Por que cada vez mais alemães rejeitam o serviço militar?
Pedidos de recusa por consciência já superam todo o registro de 2025, em meio a nova legislação de alistamento
Quase 5.900 alemães solicitaram, entre janeiro e o início de julho deste ano, o reconhecimento como objetores de consciência ao serviço militar, número que ultrapassa o total registrado em todo o ano anterior.
O levantamento é do Departamento Federal para Família e Tarefas da Sociedade Civil (BAFzA) e reflete os efeitos da nova lei de alistamento em vigor desde 1º de janeiro deste ano.
Nova legislação amplia obrigações
Segundo o BAFzA, foram protocoladas 5.862 solicitações até o momento em 2026, ante 3.867 em todo o ano de 2025 e 2.998 em 2024.
Para efeito de comparação, em 2011 — ano em que o serviço militar obrigatório foi suspenso na Alemanha — 4.348 pessoas haviam recusado a convocação por motivo de consciência.

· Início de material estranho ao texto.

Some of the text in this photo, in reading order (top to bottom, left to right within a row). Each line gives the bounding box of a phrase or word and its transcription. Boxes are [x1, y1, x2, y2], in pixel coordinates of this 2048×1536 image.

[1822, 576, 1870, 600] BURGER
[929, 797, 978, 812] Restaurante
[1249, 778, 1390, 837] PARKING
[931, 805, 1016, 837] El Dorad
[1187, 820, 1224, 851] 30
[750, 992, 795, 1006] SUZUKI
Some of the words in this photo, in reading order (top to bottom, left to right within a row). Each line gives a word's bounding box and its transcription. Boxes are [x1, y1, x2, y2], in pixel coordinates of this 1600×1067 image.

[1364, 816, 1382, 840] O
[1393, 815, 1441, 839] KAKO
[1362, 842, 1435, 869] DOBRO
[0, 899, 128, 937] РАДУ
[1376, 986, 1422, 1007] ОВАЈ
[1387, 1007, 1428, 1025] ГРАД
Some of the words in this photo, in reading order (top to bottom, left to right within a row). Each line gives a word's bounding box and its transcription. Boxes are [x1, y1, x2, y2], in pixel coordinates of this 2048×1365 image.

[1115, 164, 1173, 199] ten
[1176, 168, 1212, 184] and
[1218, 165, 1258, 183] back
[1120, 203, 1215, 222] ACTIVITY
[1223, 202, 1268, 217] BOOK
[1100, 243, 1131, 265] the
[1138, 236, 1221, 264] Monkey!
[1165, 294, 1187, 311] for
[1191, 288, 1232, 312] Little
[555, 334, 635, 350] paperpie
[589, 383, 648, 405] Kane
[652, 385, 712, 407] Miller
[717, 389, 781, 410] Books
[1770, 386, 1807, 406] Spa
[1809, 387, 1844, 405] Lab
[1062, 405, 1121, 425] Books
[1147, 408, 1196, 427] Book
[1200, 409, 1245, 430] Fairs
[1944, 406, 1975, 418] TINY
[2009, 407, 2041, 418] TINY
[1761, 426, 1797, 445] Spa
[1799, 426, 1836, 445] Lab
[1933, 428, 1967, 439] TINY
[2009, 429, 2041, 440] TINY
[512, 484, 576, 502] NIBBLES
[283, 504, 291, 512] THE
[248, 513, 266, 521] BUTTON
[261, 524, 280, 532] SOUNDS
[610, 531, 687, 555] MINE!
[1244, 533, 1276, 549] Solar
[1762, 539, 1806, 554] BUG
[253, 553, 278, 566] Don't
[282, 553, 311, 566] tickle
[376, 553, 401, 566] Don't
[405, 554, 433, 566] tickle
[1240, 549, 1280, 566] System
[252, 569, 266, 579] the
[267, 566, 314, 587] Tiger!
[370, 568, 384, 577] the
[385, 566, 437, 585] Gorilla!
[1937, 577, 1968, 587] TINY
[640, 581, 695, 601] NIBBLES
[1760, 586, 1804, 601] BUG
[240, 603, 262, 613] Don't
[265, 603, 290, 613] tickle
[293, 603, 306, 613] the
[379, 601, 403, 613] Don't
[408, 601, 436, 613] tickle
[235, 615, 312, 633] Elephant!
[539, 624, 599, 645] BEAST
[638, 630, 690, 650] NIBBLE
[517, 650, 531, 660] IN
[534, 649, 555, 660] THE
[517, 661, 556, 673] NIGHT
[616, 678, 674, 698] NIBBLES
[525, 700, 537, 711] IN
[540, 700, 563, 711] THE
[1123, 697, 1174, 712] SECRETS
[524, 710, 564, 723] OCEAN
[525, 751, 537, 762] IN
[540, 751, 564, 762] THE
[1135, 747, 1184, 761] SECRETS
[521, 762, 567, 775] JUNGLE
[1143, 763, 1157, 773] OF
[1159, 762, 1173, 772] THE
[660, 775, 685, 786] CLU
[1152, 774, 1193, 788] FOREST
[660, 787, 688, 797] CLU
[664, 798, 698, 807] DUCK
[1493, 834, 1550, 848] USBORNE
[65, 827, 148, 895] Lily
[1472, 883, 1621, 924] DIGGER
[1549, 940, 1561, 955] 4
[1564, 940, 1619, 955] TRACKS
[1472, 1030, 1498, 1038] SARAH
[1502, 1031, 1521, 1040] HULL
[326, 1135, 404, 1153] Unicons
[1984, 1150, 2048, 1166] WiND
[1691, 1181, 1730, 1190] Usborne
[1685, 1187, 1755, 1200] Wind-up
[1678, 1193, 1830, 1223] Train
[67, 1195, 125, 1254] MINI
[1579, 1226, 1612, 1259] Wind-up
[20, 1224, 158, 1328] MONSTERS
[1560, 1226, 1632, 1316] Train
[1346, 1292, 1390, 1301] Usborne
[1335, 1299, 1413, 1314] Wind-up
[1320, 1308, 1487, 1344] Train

A chamada Lei de Modernização do Serviço Militar não restabelece a obrigatoriedade do alistamento, mas cria uma etapa preparatória: todo homem que completa 18 anos deve responder a um questionário sobre formação, saúde e disposição para servir nas Forças Armadas. O serviço em si permanece voluntário por ora.
A partir de meados de 2027, no entanto, esses jovens também precisarão passar por um teste de aptidão física, que servirá para identificar potenciais convocados em caso de conflito armado. A medida é vista com desconfiança por parte da sociedade, temerosa de que represente o início de um retorno gradual à obrigatoriedade.
Direito à objeção segue protegido
O objetivo da nova norma é elevar o efetivo das Forças Armadas alemãs, hoje em torno de 180 mil integrantes, para 260 mil até 2035. Apesar disso, o direito à recusa por consciência permanece assegurado pelo Artigo 4º da Lei Fundamental, a Constituição alemã.
Para formalizar a objeção, é exigida uma carta de apresentação assinada, um currículo em formato de tabela e uma justificativa pessoal detalhada. Também houve retiradas de pedidos anteriores: segundo o jornal Neue Osnabrücker Zeitung, 781 pessoas desistiram da condição de objetoras em 2025, e outras 233 fizeram o mesmo apenas no primeiro trimestre de 2026.
Paralelamente ao crescimento das objeções, o Ministério da Defesa alemão registrou aumento nas candidaturas voluntárias à carreira militar: cerca de 22,7 mil pessoas se inscreveram entre janeiro e março de 2026, alta de 20% em relação ao mesmo período de 2025.
O movimento indica que a nova política de alistamento tem gerado reações opostas dentro da sociedade alemã, entre resistência e adesão ao serviço nas Forças Armadas.